──────── Data provided ────────
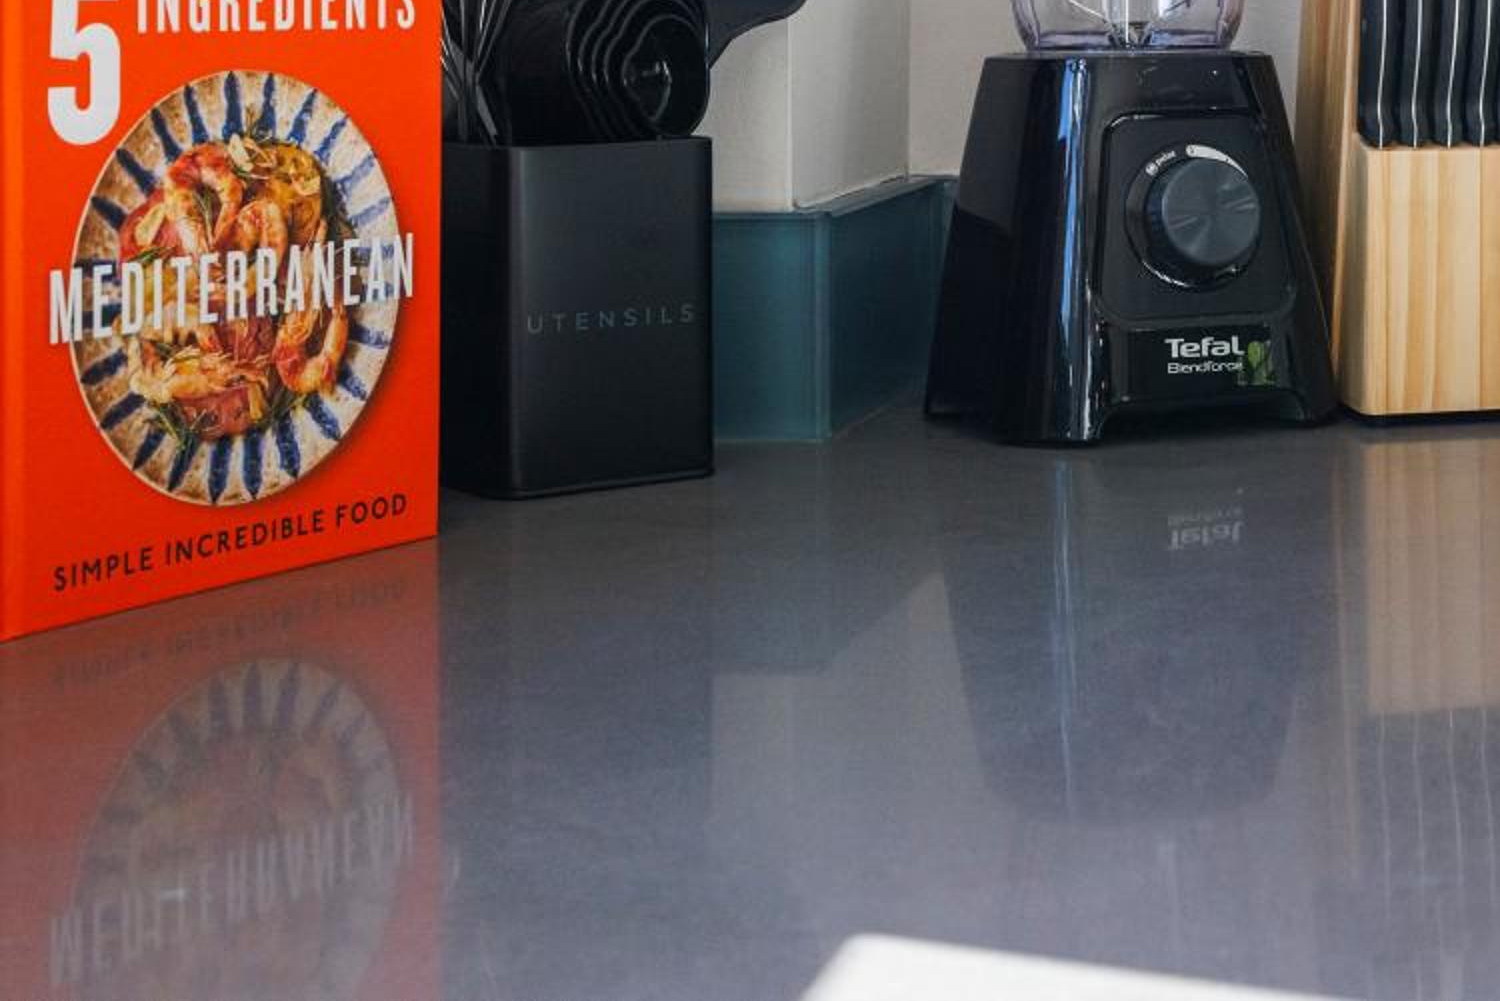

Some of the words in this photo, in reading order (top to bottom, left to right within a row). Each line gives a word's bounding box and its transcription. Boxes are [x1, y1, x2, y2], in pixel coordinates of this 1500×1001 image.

[49, 233, 415, 345] MEDITERRANEAN
[526, 302, 695, 335] UTENSILS
[1164, 335, 1245, 358] Tefal
[54, 547, 153, 592] SIMPLE
[165, 514, 325, 568] INCREDIBLE
[337, 492, 408, 528] FOOD
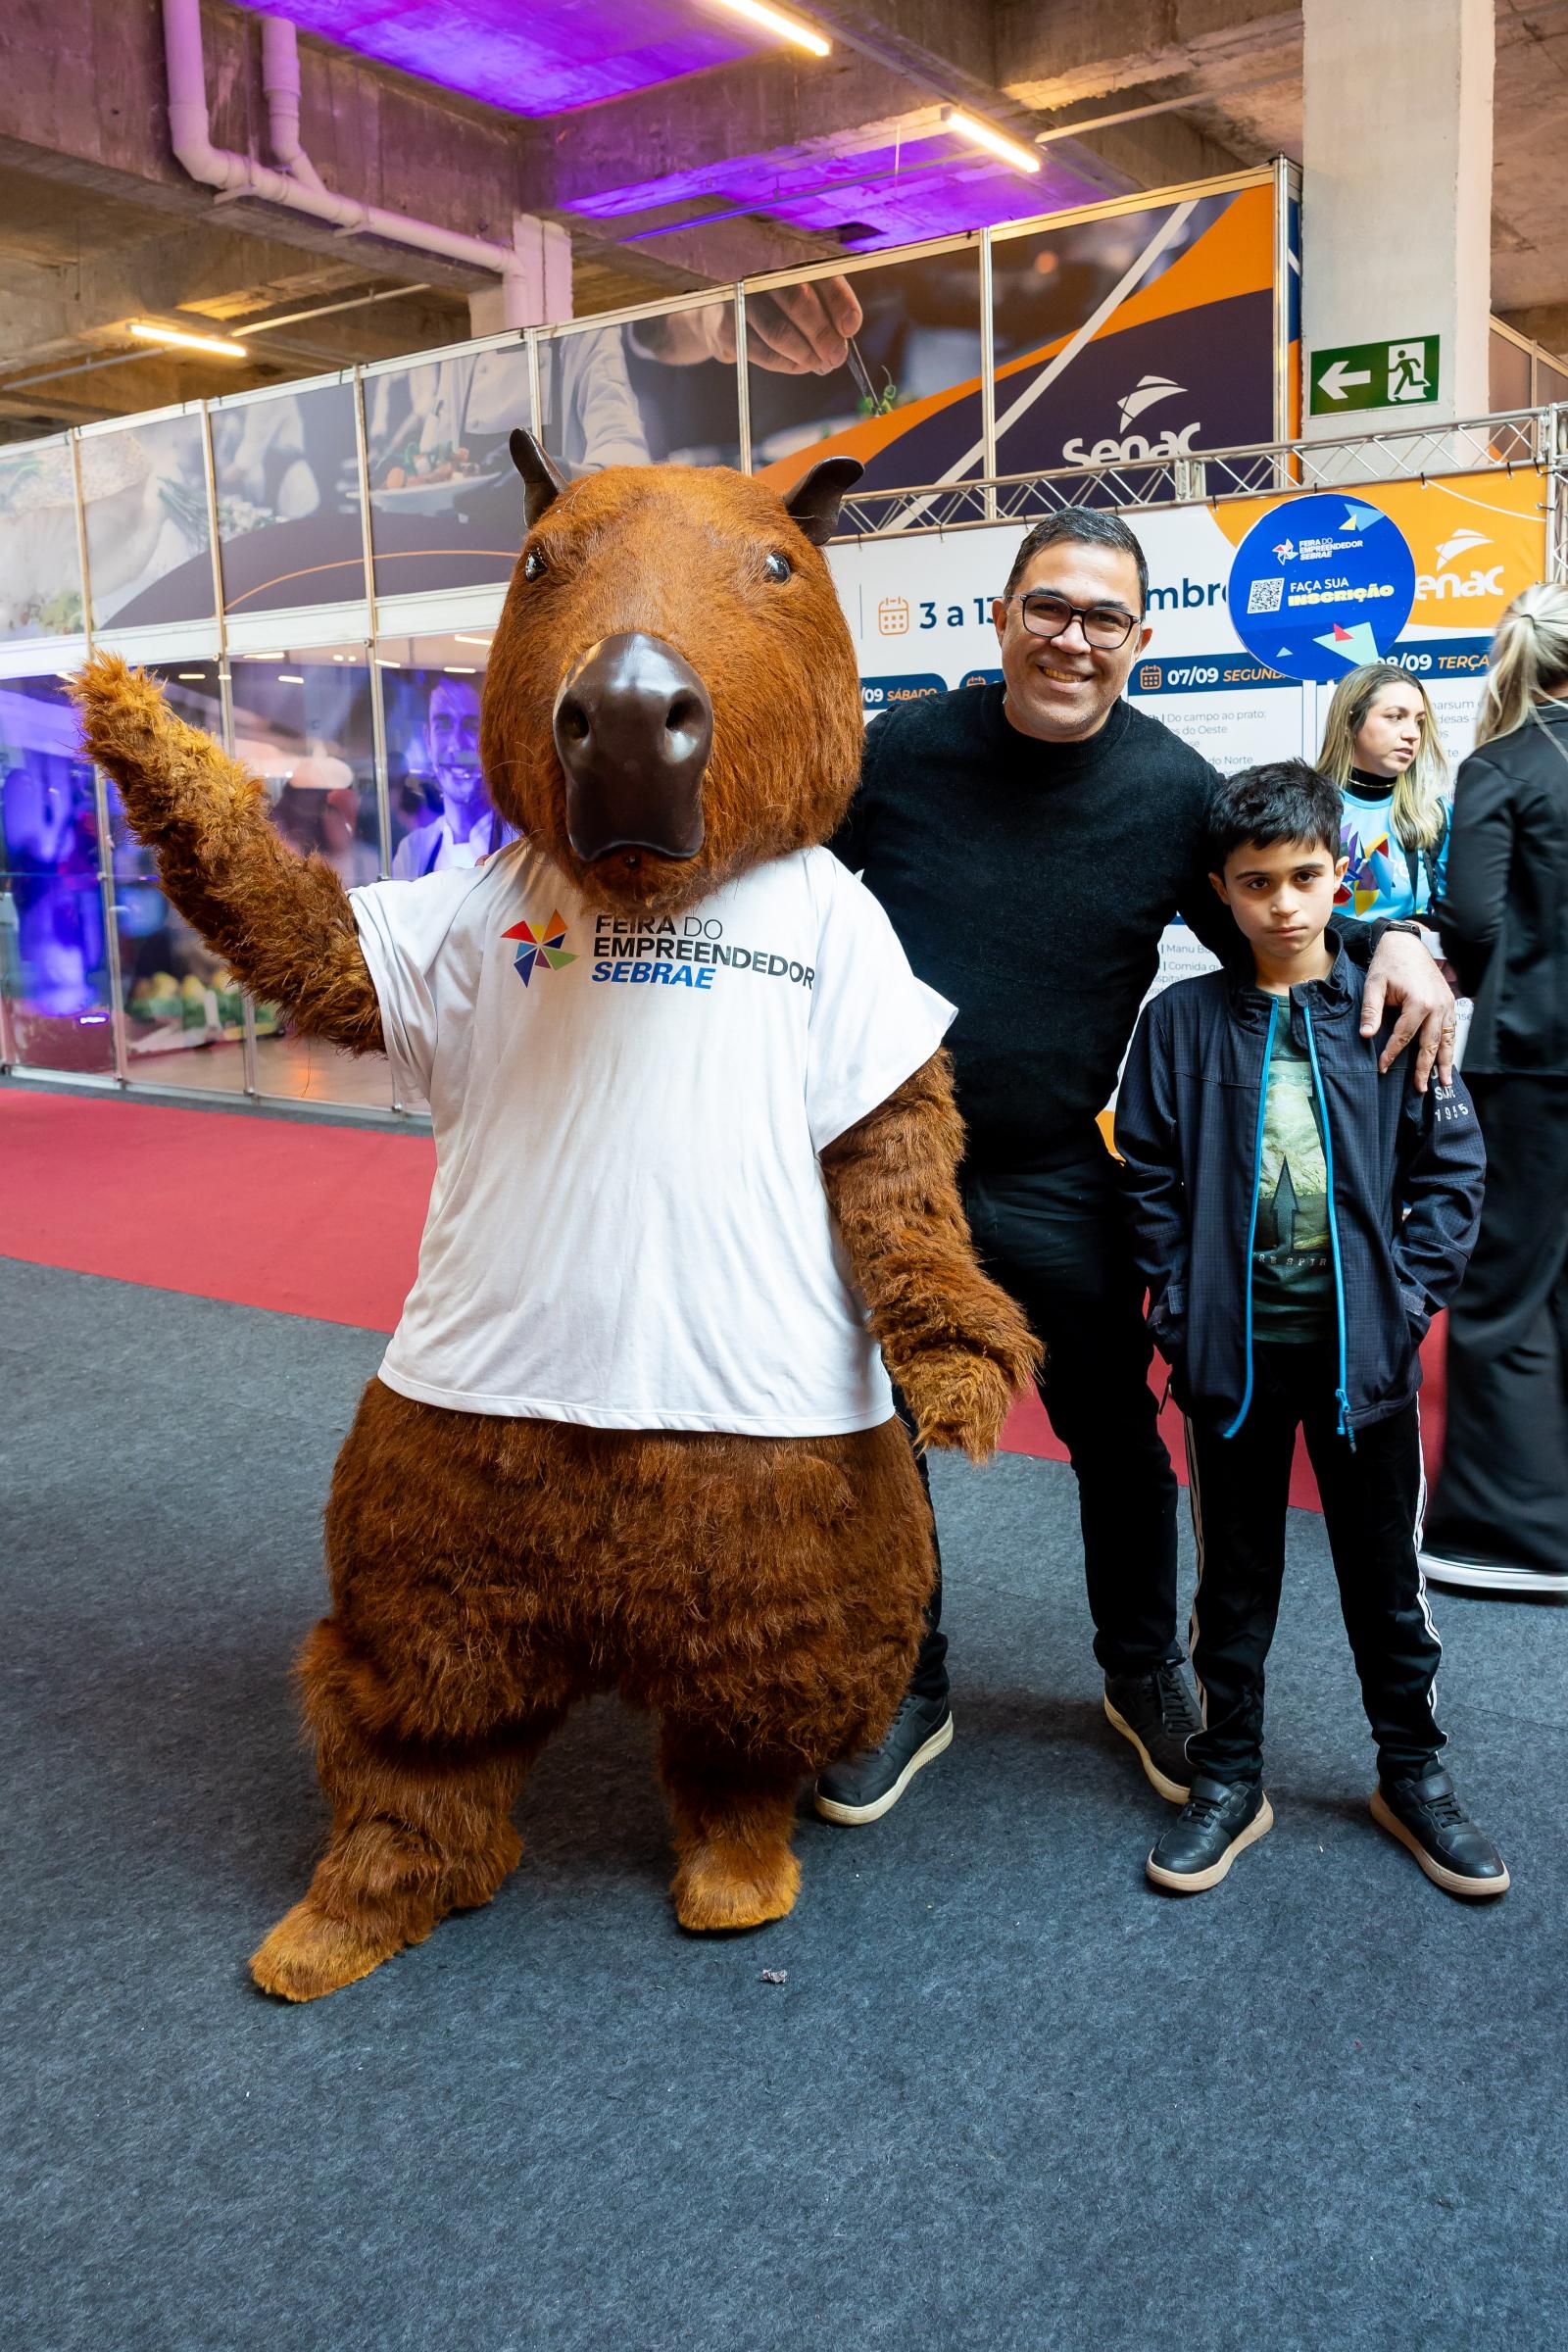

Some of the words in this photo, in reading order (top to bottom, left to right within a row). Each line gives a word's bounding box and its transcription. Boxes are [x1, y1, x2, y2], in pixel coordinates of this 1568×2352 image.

[1298, 540, 1364, 555] EMPREENDEDOR
[1299, 551, 1333, 561] SEBRAE
[1290, 581, 1322, 594] FAÇA
[1324, 577, 1349, 589] SUA
[1288, 583, 1395, 607] INSCRIÇÃO
[919, 601, 938, 630] 3
[947, 605, 964, 627] a
[1438, 655, 1491, 671] TERÇA
[1167, 666, 1219, 686] 07/09
[1223, 668, 1286, 682] SEGUND
[1167, 713, 1182, 723] Do
[1184, 712, 1221, 723] campo
[1182, 725, 1196, 735] do
[1198, 724, 1228, 735] Oeste
[1224, 756, 1253, 764] Norte
[595, 913, 677, 936] FEIRA
[683, 916, 723, 940] DO
[1166, 945, 1195, 954] Manu
[593, 937, 815, 990] EMPREENDEDOR
[1168, 961, 1207, 971] Comida
[591, 961, 716, 990] SEBRAE
────────
## Exercise goal
Nothing but the pictures may be dropped; output the records above exactly.

## Solution
Some of the words in this photo, in reading order (top to bottom, left to right within a row). Each line gives a word's bounding box and its transcription. Boxes are [x1, y1, x2, y2], in pixel coordinates of this 1500×1001 image.

[49, 233, 415, 345] MEDITERRANEAN
[526, 302, 695, 335] UTENSILS
[1164, 335, 1245, 358] Tefal
[54, 547, 153, 592] SIMPLE
[165, 514, 325, 568] INCREDIBLE
[337, 492, 408, 528] FOOD

Some of the words in this photo, in reading order (top to bottom, left to right within a row). Each line gives a word's bounding box and its transcription. Boxes are [x1, y1, x2, y2], in pixel coordinates of this 1568×2352 image.

[1298, 540, 1364, 555] EMPREENDEDOR
[1299, 551, 1333, 561] SEBRAE
[1290, 581, 1322, 594] FAÇA
[1324, 577, 1349, 589] SUA
[1288, 583, 1395, 607] INSCRIÇÃO
[919, 601, 938, 630] 3
[947, 605, 964, 627] a
[1438, 655, 1491, 671] TERÇA
[1167, 666, 1219, 686] 07/09
[1223, 668, 1286, 682] SEGUND
[1167, 713, 1182, 723] Do
[1184, 712, 1221, 723] campo
[1182, 725, 1196, 735] do
[1198, 724, 1228, 735] Oeste
[1224, 756, 1253, 764] Norte
[595, 913, 677, 936] FEIRA
[683, 916, 723, 940] DO
[1166, 945, 1195, 954] Manu
[593, 937, 815, 990] EMPREENDEDOR
[1168, 961, 1207, 971] Comida
[591, 961, 716, 990] SEBRAE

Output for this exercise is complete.